The Independent: Shell fights back with $2bn share buy-back programme

By Michael Harrison, Business Editor

30 April 2004

Royal Dutch/Shell, the crisis-stricken oil group, sought to regain investor confidence yesterday by unveiling a $2bn (£1bn) share buy-back programme.

Reporting better-than-expected first-quarter profits, the oil giant also pledged that its exploration and production strategy would be geared to achieving short-term gains for shareholders over the next 12 months.

The double bill of good news was designed to try to put a lid, at least temporarily, on the reserves scandal which has plunged Shell into the gravest crisis in its 96-year history.

Despite a 1 per cent decline in production during the quarter, Shell managed to keep a whisker ahead of BP as the world’s second biggest oil company by output. On an underlying basis, its 9 per cent increase in profits to $4.25bn for the three months was better than BP’s first-quarter performance. Shell shares rose 2 per cent to 393p.

Shell said it would increase spending this year by about $1.5bn to between $14.5bn and $15bn, adding that investment was being switched to short-term payback projects which would generate higher margins. Significant cost pressure in Nigeria and Russia, where Shell is a partner in the giant Sakhalin project, is another factor behind the increased budget for capital investment.

Malcolm Brinded, Shell’s head of exploration and production, said the focus this year would be on “value rather than volume”, concentrating on fields where Shell could achieve payback within 12 months.
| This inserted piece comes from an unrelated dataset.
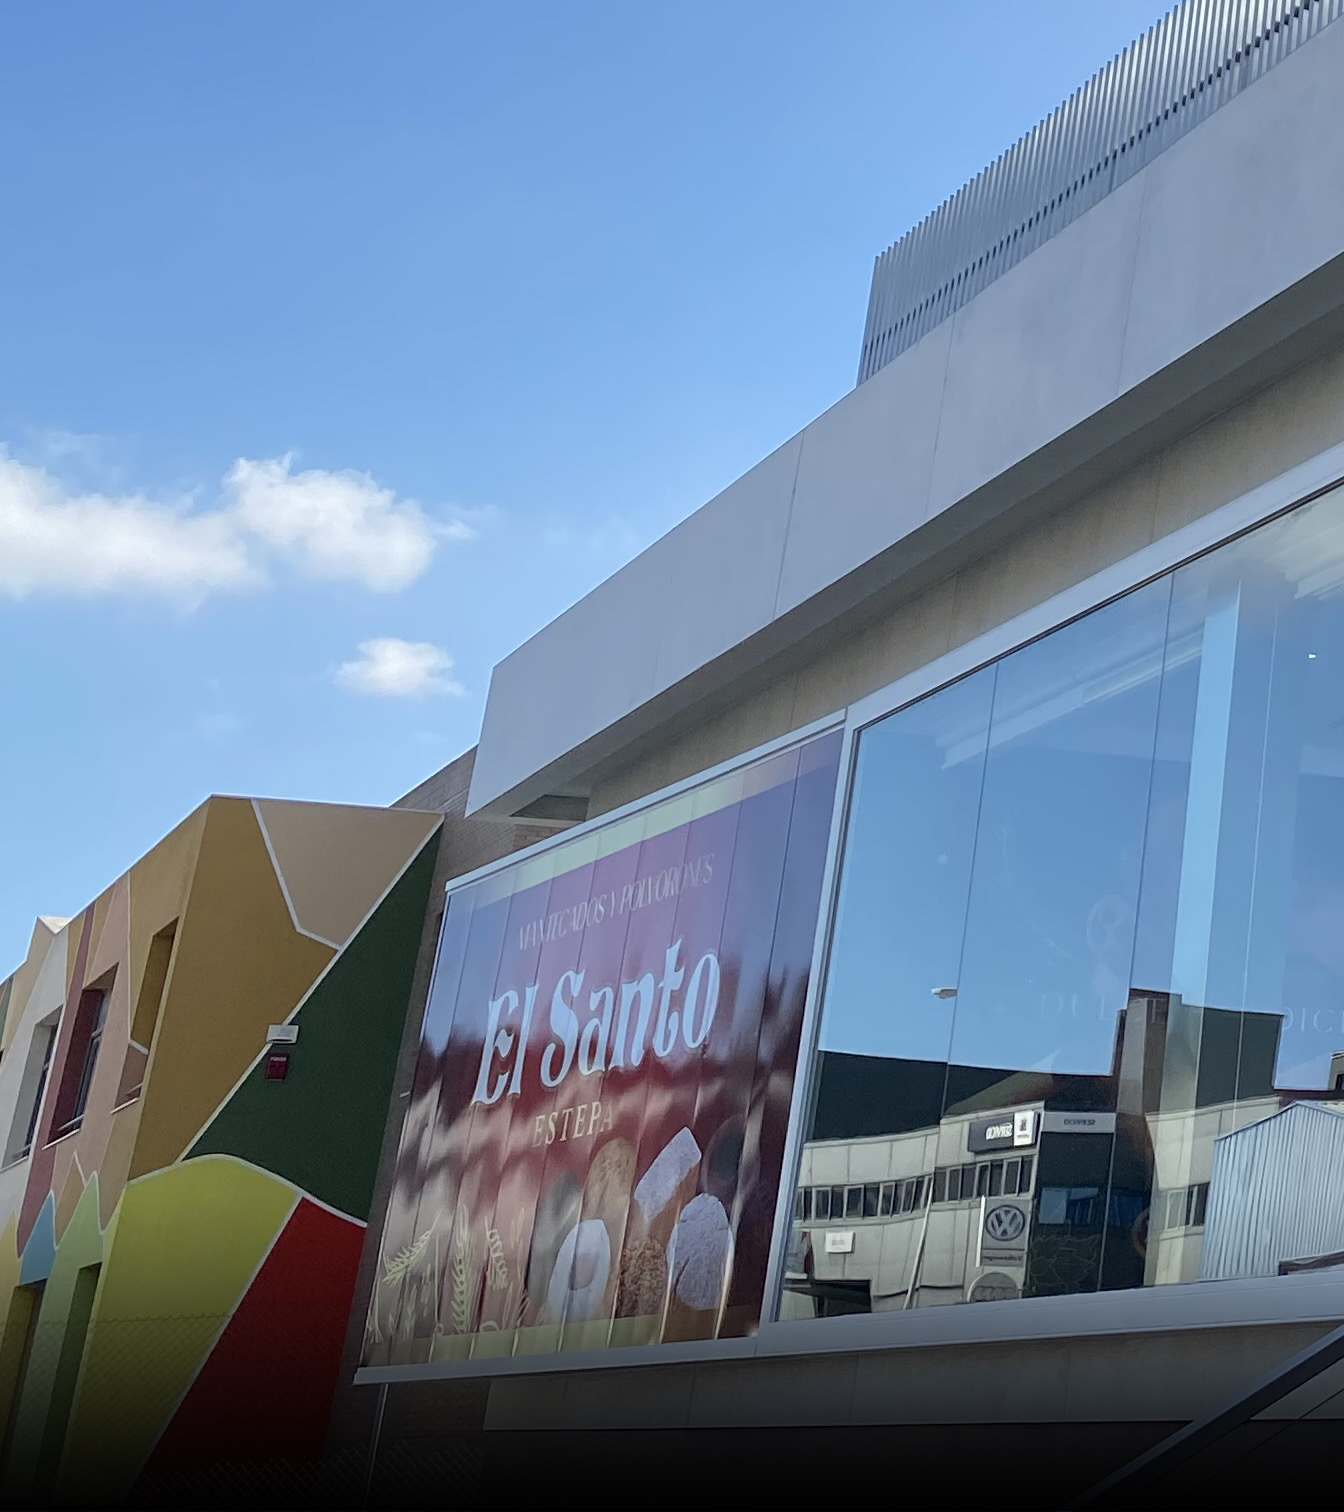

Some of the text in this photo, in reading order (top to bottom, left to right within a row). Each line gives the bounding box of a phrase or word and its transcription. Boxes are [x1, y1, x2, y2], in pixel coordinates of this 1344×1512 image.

[471, 938, 721, 1106] El Santo
[532, 1101, 614, 1147] ESTEPA
He declined to give any production growth forecasts for the group but maintained this did not mean Shell was not interested in growth in the future.

Jeroen van der Veer, Shell’s new chairman, ducked questions about whether he would survive in the longer term in the aftermath of the company’s 25 per cent cut in proven reserves – equivalent to 4.35 billion barrels.

He also said he had not had any direct contact with the US Justice Department, which is conducting a criminal investigation into the reserves downgrade and deliberate attempts by Shell and some of its former executives to suppress the fact that reserves were being overbooked.

In an attempt to rebuild morale among Shell’s 115,000 workforce, Mr van der Veer, Mr Brinded and Rob Routs, Shell’s head of oil products and chemicals, will embark next week on a series of “engagement sessions” involving thousands of staff. The company’s top 500 managers will also gather for a one-and-a-half day bonding session next month in the US.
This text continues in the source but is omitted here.